For this exercise, retype every record below exactly and keep the pictures out.
Input: Begin
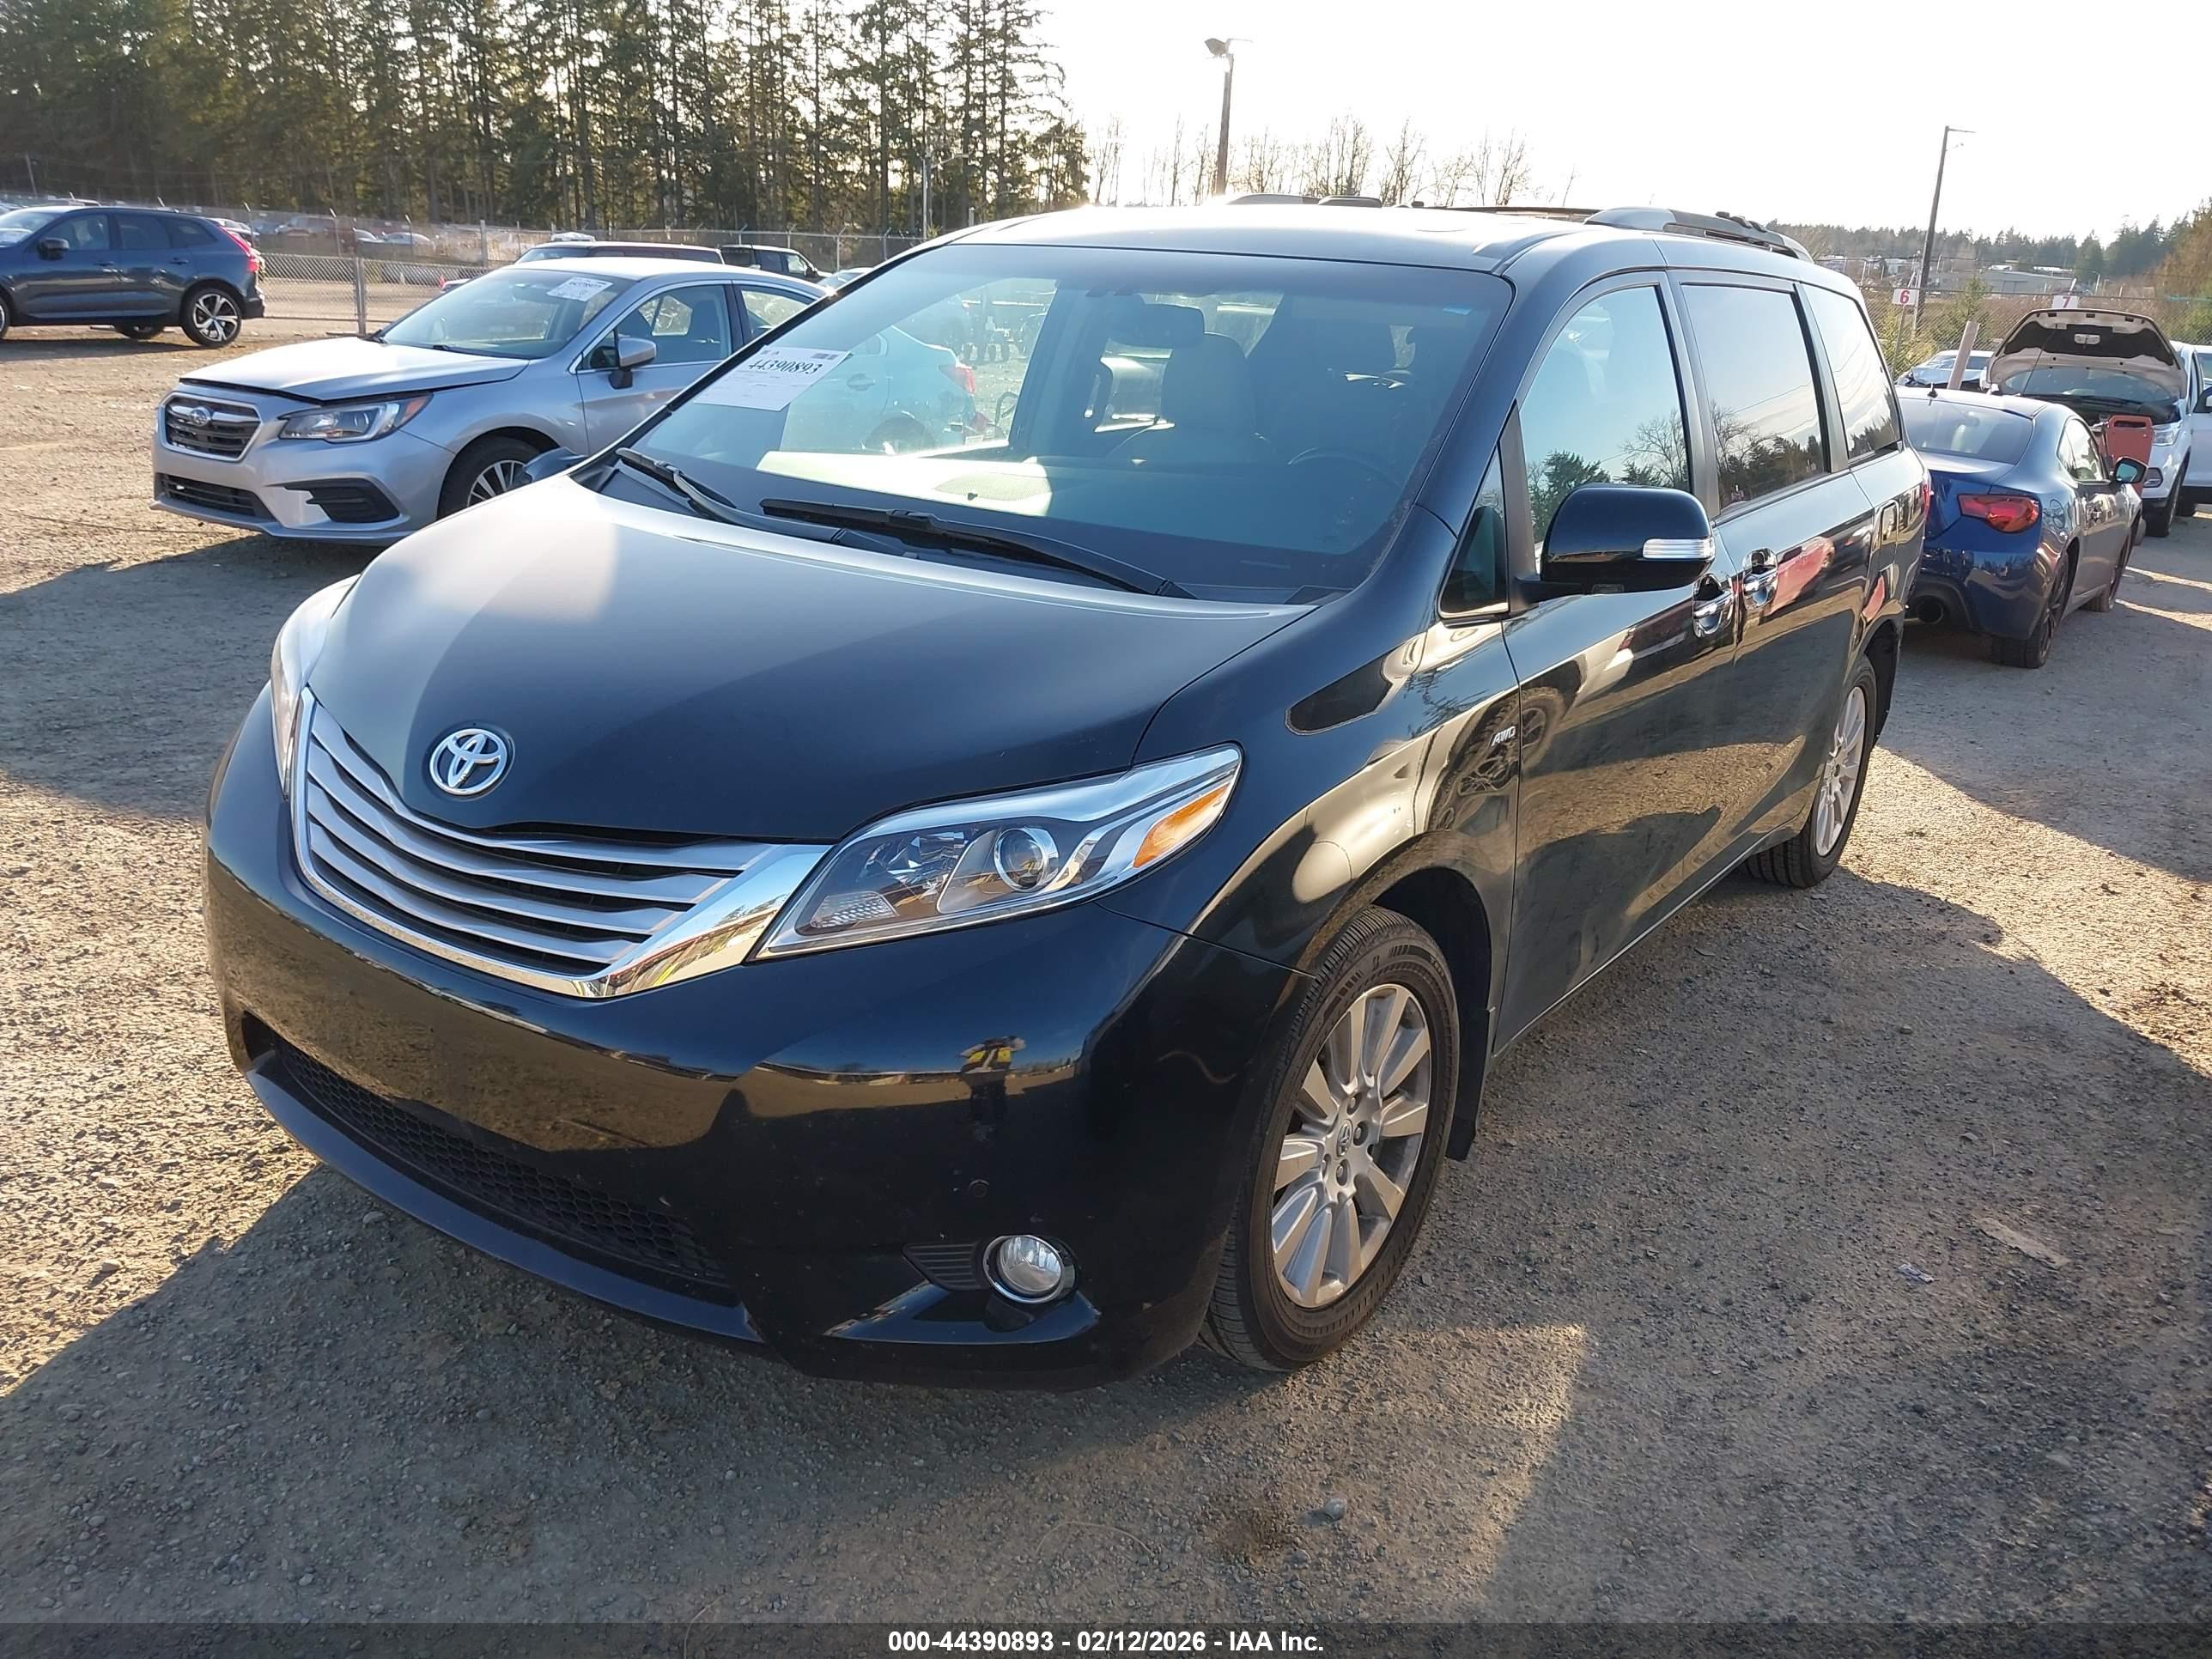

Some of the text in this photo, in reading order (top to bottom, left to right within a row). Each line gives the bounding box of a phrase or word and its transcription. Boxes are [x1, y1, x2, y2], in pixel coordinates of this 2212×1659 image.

[1899, 289, 1911, 304] 6
[2063, 296, 2071, 308] 7
[749, 359, 823, 374] 44390893
[1491, 726, 1516, 747] AWD
Input: End
#### Solution to the problem:
Some of the text in this photo, in reading order (top to bottom, left to right within a row). Each line gives the bounding box of a phrase or word and its transcription. Boxes are [x1, y1, x2, y2], in pixel coordinates of this 2212×1659 image.

[1899, 289, 1911, 304] 6
[2063, 296, 2071, 308] 7
[749, 359, 823, 374] 44390893
[1491, 726, 1516, 747] AWD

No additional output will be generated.